Aktualisasi Potensi Belajar Dalam Perspektif Al-Qur’an Dan Relevansinya Terhadap Pendidikan Modern
DOI:
https://doi.org/10.59944/jipsi.v5i3.1329Keywords:
Potensi belajar, Pendidikan Modern, Nilai-Nilai Qur’aniAbstract
Krisis dehumanisasi dan reduksionisme teknokratis dalam pendidikan modern menuntut adanya reorientasi paradigma belajar yang tidak hanya berfokus pada capaian kognitif-materialis, melainkan juga menyentuh dimensi spiritual dan fitrah manusia. Penelitian ini bertujuan untuk merumuskan kembali konsep potensi belajar dalam Al-Qur’an serta mengelaborasi relevansi praksisnya bagi pembaruan pendidikan abad ke-21. Menggunakan metode kualitatif berbasis studi pustaka (library research) dengan pendekatan tafsir tematik (maudhu‘i), data dianalisis secara kritis dari ayat-ayat Al-Qur’an, kitab tafsir klasik-kontemporer, serta literatur pendidikan terkait. Kebaruan (novelty) penelitian ini terletak pada sintesis konseptual yang melampaui kajian normatif-teologis terdahulu, yakni dengan menyelaraskan secara eksplisit epistemologi pencerapan Qur’ani (al-sam‘, al-absar, al-af’idah) dengan temuan neurosains pembelajaran (prefrontal cortex dan sistem limbik) serta teori-teori pendidikan modern (Experiential Learning Kolb dan Konstruktivisme Vygotsky). Hasil penelitian menunjukkan bahwa Al-Qur’an memosisikan potensi belajar sebagai fitrah bawaan (innate potential) yang berorientasi pada proses ta’dib (pembentukan manusia beradab).
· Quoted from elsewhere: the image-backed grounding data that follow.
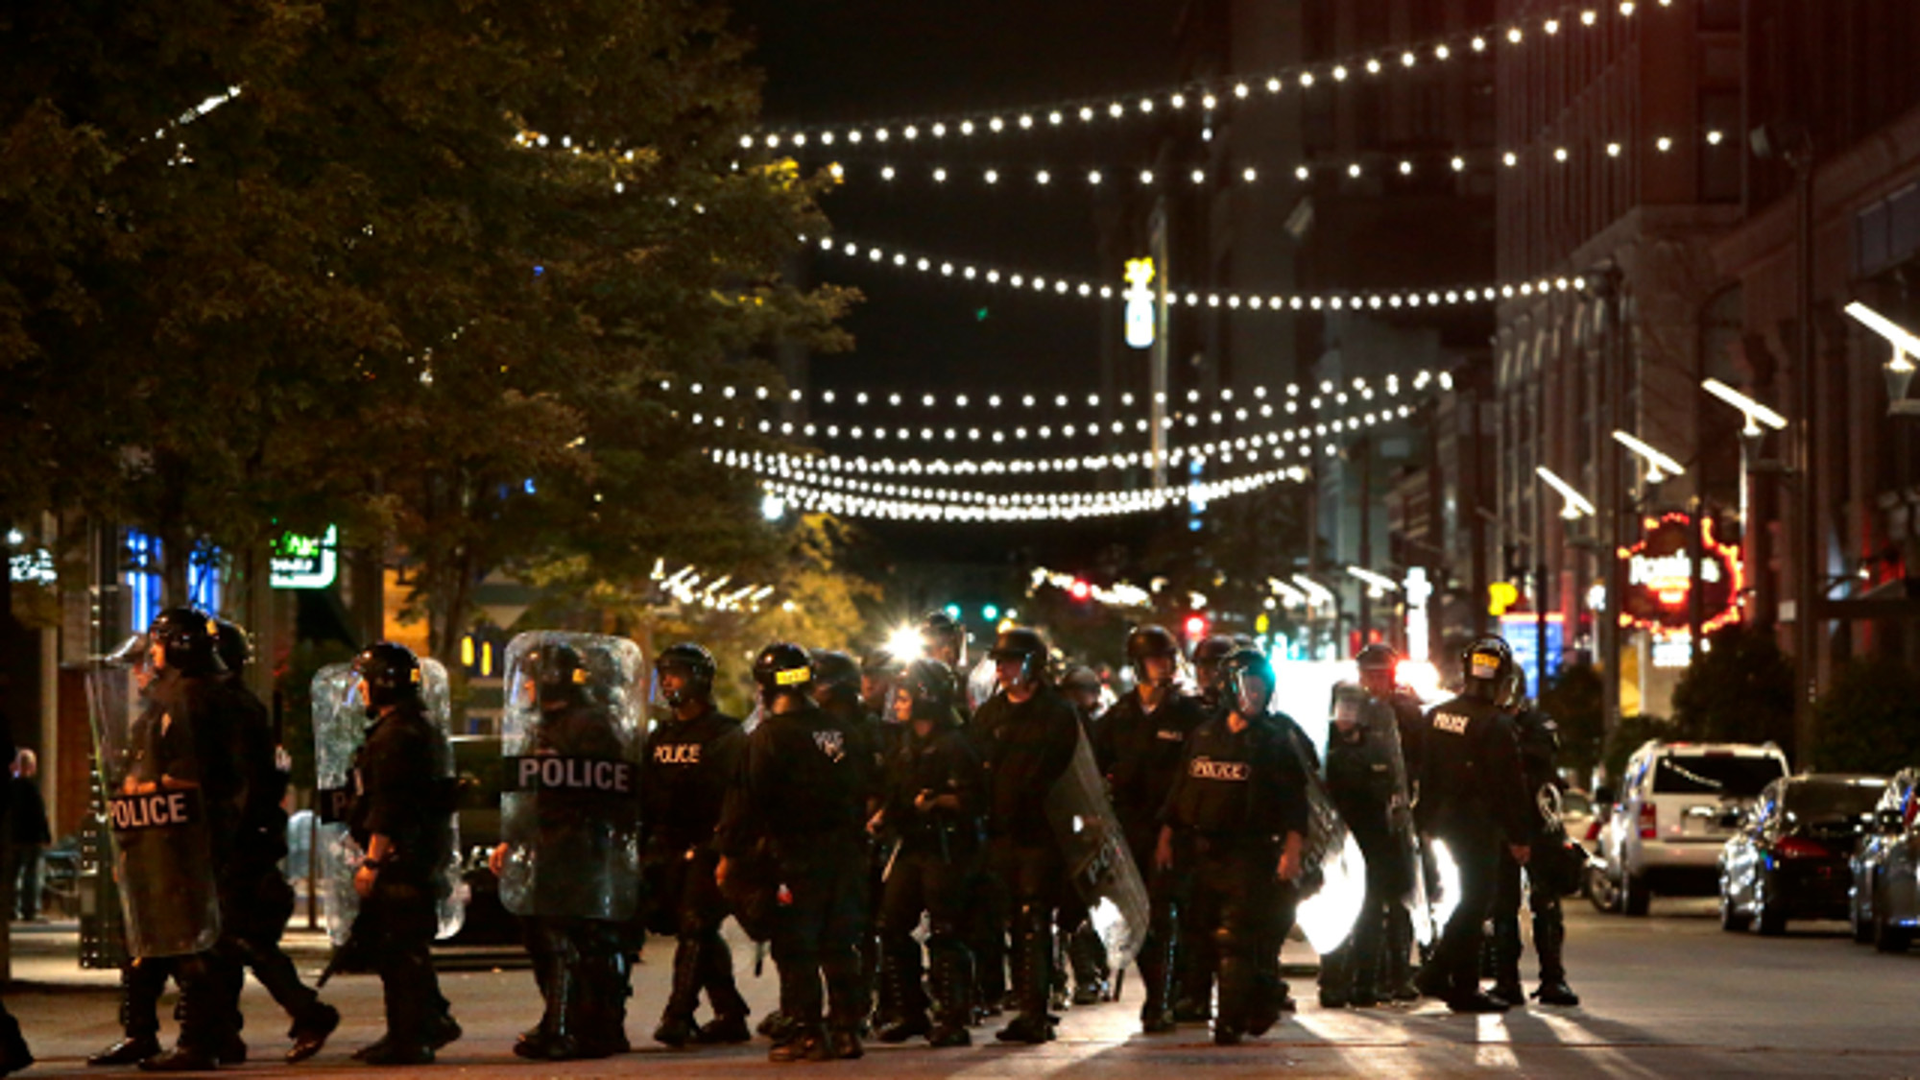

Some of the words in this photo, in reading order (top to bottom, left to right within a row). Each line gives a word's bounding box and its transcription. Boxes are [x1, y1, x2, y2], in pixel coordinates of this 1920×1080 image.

[654, 743, 701, 763] POLICE
[518, 758, 630, 792] POLICE
[1192, 761, 1243, 779] POLICE
[108, 794, 188, 828] POLICE
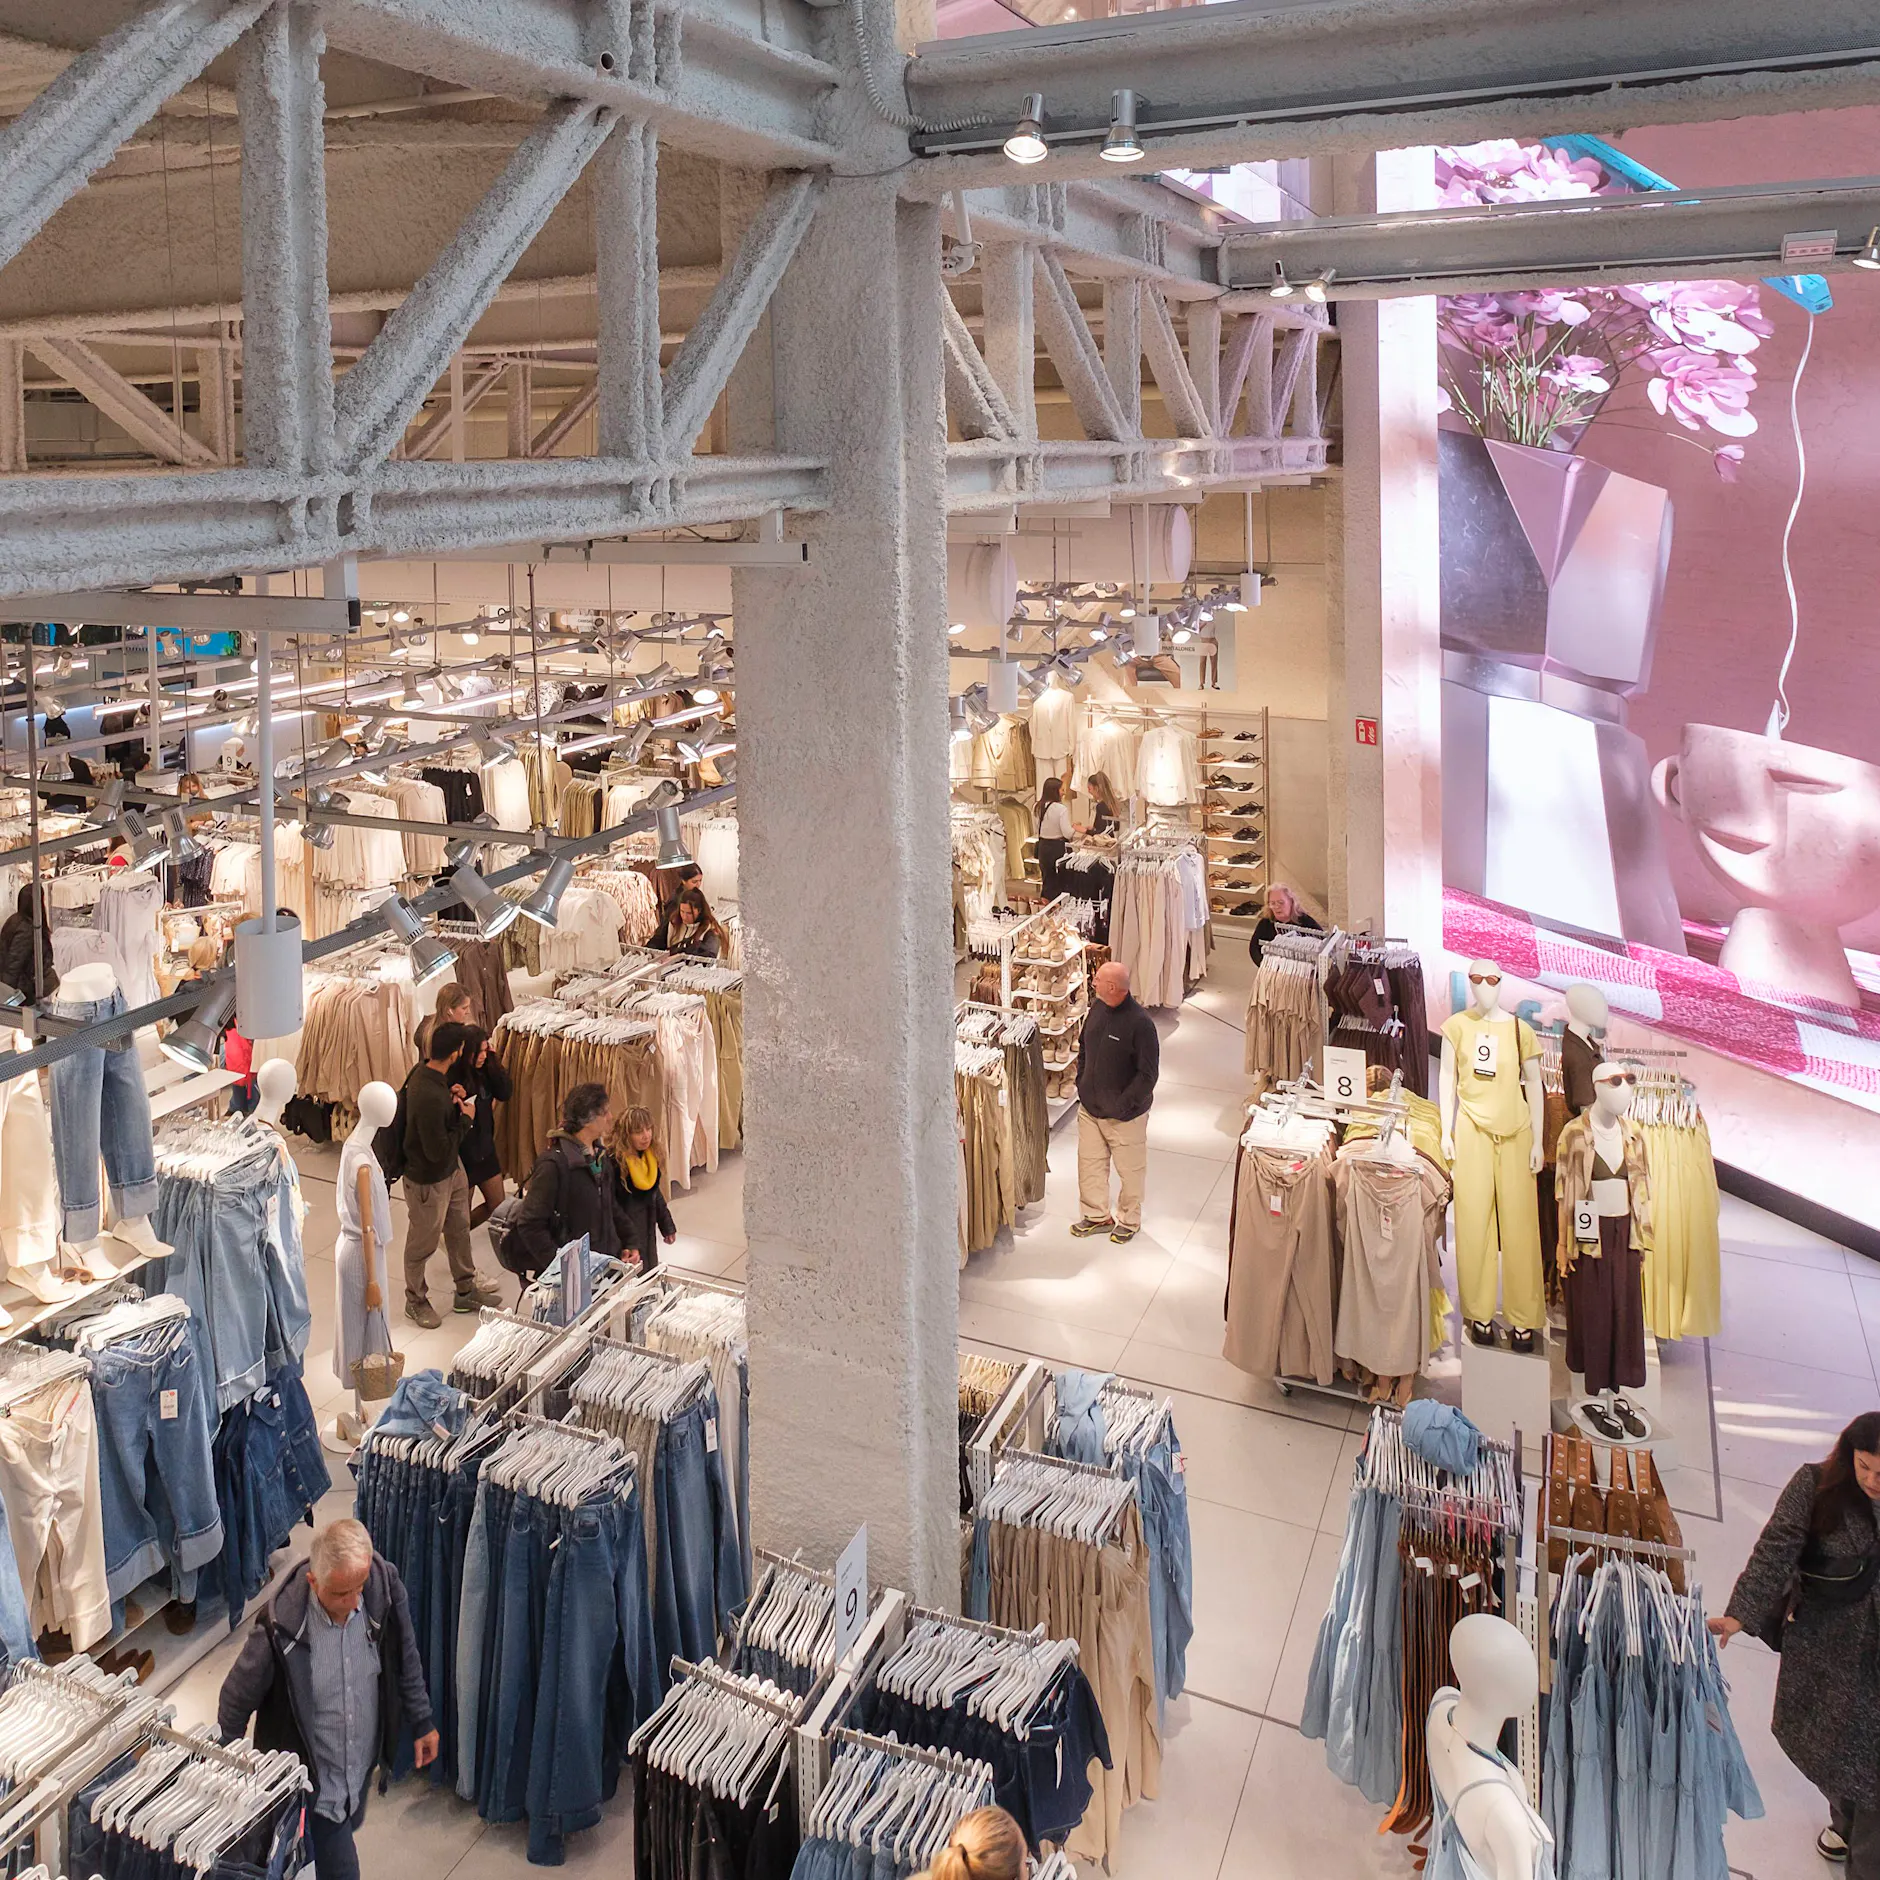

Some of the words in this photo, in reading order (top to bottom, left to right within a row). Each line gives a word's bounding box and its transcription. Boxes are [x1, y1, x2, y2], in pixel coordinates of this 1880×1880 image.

[226, 756, 233, 767] 9
[1478, 1045, 1491, 1062] 9
[1337, 1076, 1353, 1097] 8
[1579, 1213, 1592, 1230] 9
[845, 1587, 858, 1632] 9
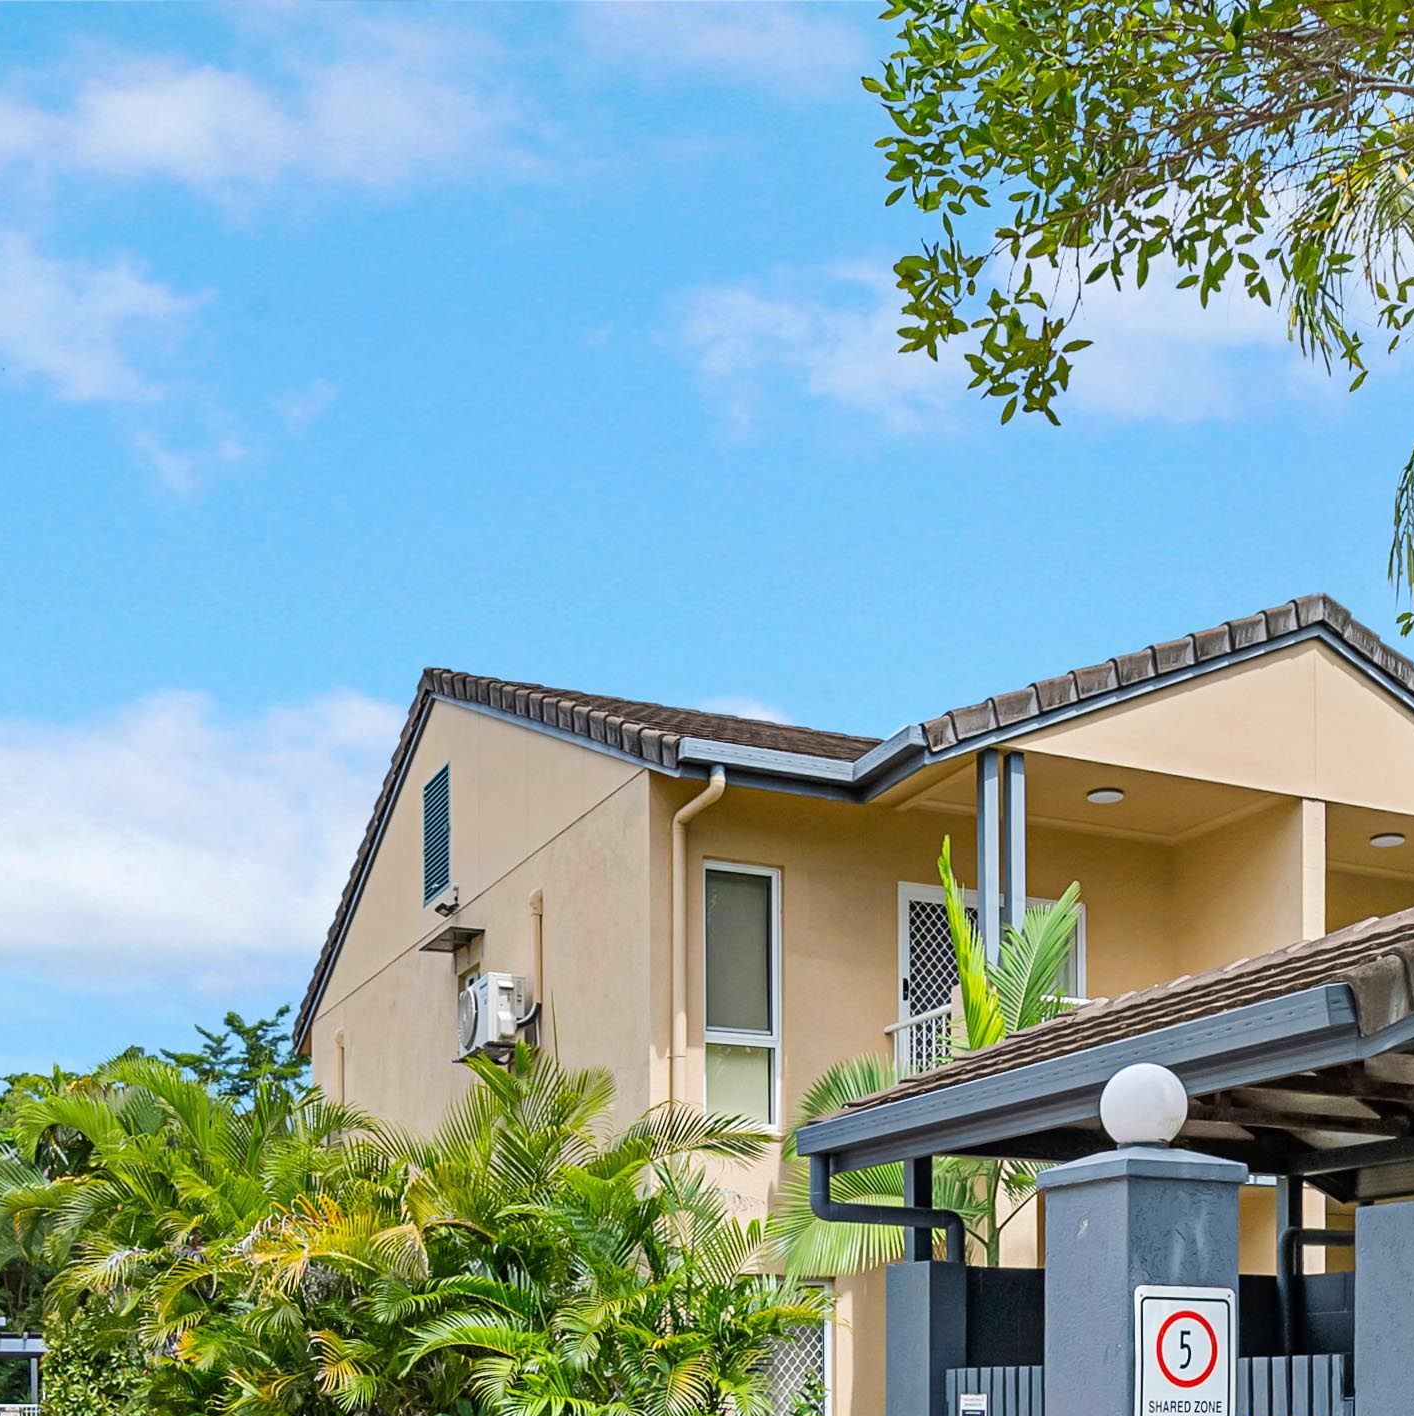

Melalui analisis kisah Nabi Musa AS dan Khidr AS (QS. Al-Kahfi: 60–82), ditemukan kerangka pedagogi berbasis pengalaman dan konstruktivisme spiritual yang menghadirkan konsep literasi maknawi (Iqra'), MKO Transendental, dan divine scaffolding. Implikasi praktis dari penelitian ini menawarkan model transformasi pendidikan kontemporer pada tiga domain utama: (1) penerapan Interconnected Curriculum yang mengeliminasi dikotomi sains-agama melalui pembelajaran berbasis masalah/proyek (2) reorientasi peran guru dari sekadar instruktur pengetahuan menjadi mu’addib yang merespons diferensiasi modalitas belajar siswa; serta (3) pembentukan budaya sekolah berbasis asesmen otentik holistik yang mengukur keseimbangan antara nalar kritis, adab, dan kesadaran spiritual.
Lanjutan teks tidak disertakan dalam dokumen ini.